[What is being asked]
Only the text belongs in the copy: retype each record exactly as it appears.

===== Records provided

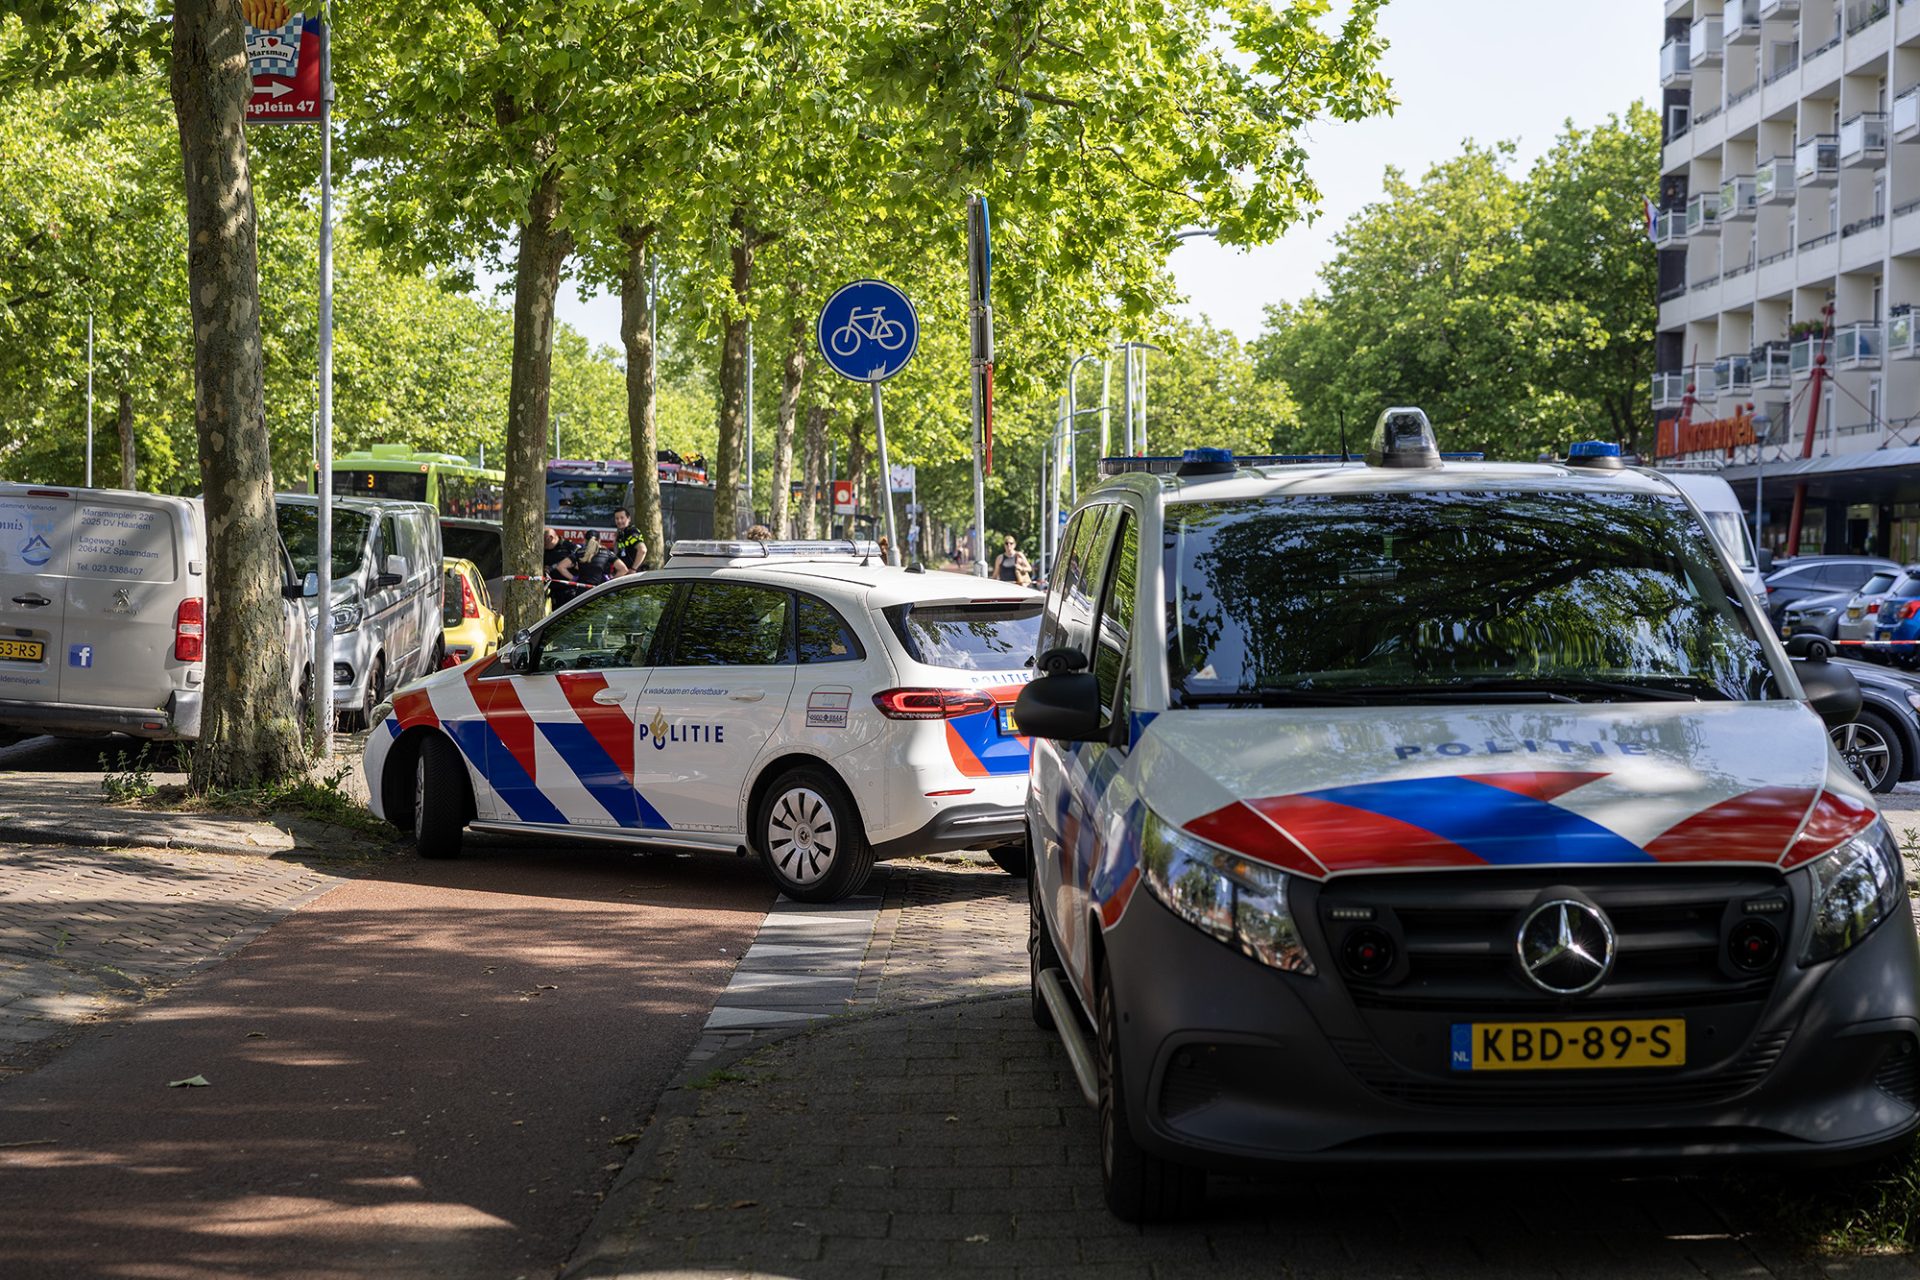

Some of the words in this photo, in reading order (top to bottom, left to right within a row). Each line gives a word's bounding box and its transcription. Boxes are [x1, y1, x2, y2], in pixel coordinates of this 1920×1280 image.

[260, 38, 266, 48] I
[249, 50, 288, 58] Marsman
[297, 100, 315, 112] 47
[367, 473, 375, 488] 3
[27, 503, 57, 512] Vishandel
[82, 508, 137, 520] Marsmanplein
[81, 517, 101, 526] 2025
[103, 519, 116, 527] DV
[117, 520, 151, 531] Haarlem
[79, 535, 115, 547] Lageweg
[78, 545, 98, 553] 2064
[113, 547, 159, 559] Spaarndam
[91, 563, 107, 573] 023
[971, 673, 1031, 684] POLITIE
[639, 723, 724, 750] POLITIE
[1394, 740, 1648, 760] POLITIE
[1453, 1052, 1470, 1062] NL
[1483, 1025, 1671, 1062] KBD-89-S

==========

[Worked solution]
Some of the words in this photo, in reading order (top to bottom, left to right within a row). Each line gives a word's bounding box and its transcription. Boxes are [x1, y1, x2, y2], in pixel coordinates of this 1920×1280 image.

[260, 38, 266, 48] I
[249, 50, 288, 58] Marsman
[297, 100, 315, 112] 47
[367, 473, 375, 488] 3
[27, 503, 57, 512] Vishandel
[82, 508, 137, 520] Marsmanplein
[81, 517, 101, 526] 2025
[103, 519, 116, 527] DV
[117, 520, 151, 531] Haarlem
[79, 535, 115, 547] Lageweg
[78, 545, 98, 553] 2064
[113, 547, 159, 559] Spaarndam
[91, 563, 107, 573] 023
[971, 673, 1031, 684] POLITIE
[639, 723, 724, 750] POLITIE
[1394, 740, 1648, 760] POLITIE
[1453, 1052, 1470, 1062] NL
[1483, 1025, 1671, 1062] KBD-89-S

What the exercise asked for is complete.